Gnocchi alla sorrentina, cotoletta con patatine e pizza ripiena. Non è il menu di un ristorante sul lungomare Caracciolo ma dell’ospedale Loreto Mare di Napoli. Chi viene ricoverato sa di dover mantenere un’alimentazione sana e controllata almeno per il periodo di degenza ma molti alla pastina in brodo preferiscono la pasta al forno alla siciliana. Ad approfittarne sono i ristoratori che nelle ore del pranzo girovagano per i corridoi distribuendo menu tra le persone che accompagnano gli ammalati e i degenti.


Il ristospedale

A scoprire i ricoverati che banchettano davanti ai contenitori per la pizza d’asporto, Luca Abete di Striscia la Notizia. Le telecamere nascoste hanno immortalato un’anziana su barella che davanti a un infermiere mangia una focaccia ripiena, una marea di garzoni ch consegna cotolette fritte con patate e il personale che sa ma finge di non vedere. Uno dei ristoratori ammette, non sapendo di essere ripreso, di avere un buon rapporto con la sicurezza dell’ospedale e che il capo delle guardie gli avrebbe detto di consegnare il pranzo ma con maggiore discrezione.


I menu consegnati

Nel menu oltre alla frittura mista, alla salsiccia con i friarielli, agli hamburger e la porchetta, ci sono dei panini esplosivi dedicati ai calciatori del Napoli.

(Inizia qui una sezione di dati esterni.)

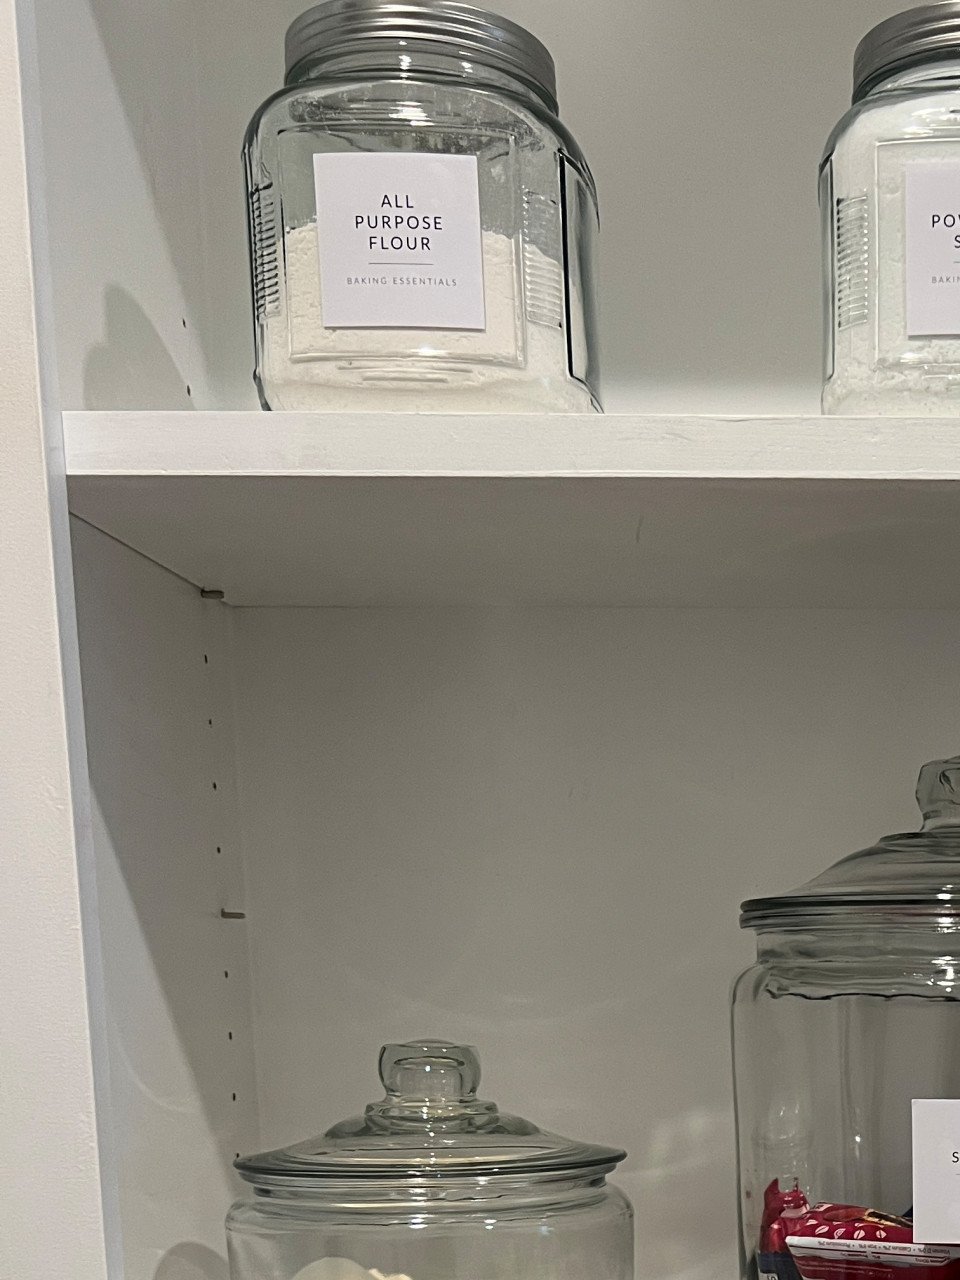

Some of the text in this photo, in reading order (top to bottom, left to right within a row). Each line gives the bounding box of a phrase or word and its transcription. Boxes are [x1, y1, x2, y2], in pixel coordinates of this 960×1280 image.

[380, 194, 415, 209] ALL
[355, 215, 443, 231] PURPOSE
[369, 235, 431, 251] FLOUR
[346, 276, 458, 287] BAKING ESSENTIALS

C’è la Bomba Cavani con prosciutto crudo, provola, insalata e pomodoro, la Bomba Cavani con hamburger, porchetta, provola e patatine e il più pensante, lo Speedy Lavezzi con salsiccia, prosciutto cotto, provola, melanzane e maionese.


L’alimentazione da degenza

Un’alimentazione così pensante non è assolutamente indicata durante il periodo di ricovero. «Il cibo degli ospedali deve essere igienicamente controllato. – afferma Maria Triassi, ordinario di Igiene della Federico II di Napoli – Nelle ditte ospedaliere, i nutrienti sono bilanciati. Se il paziente ricorre a un approvvigionamento esterno, sia da casa sia da ristorante, l’ospedale non ha più alcun controllo sul cibo assunto».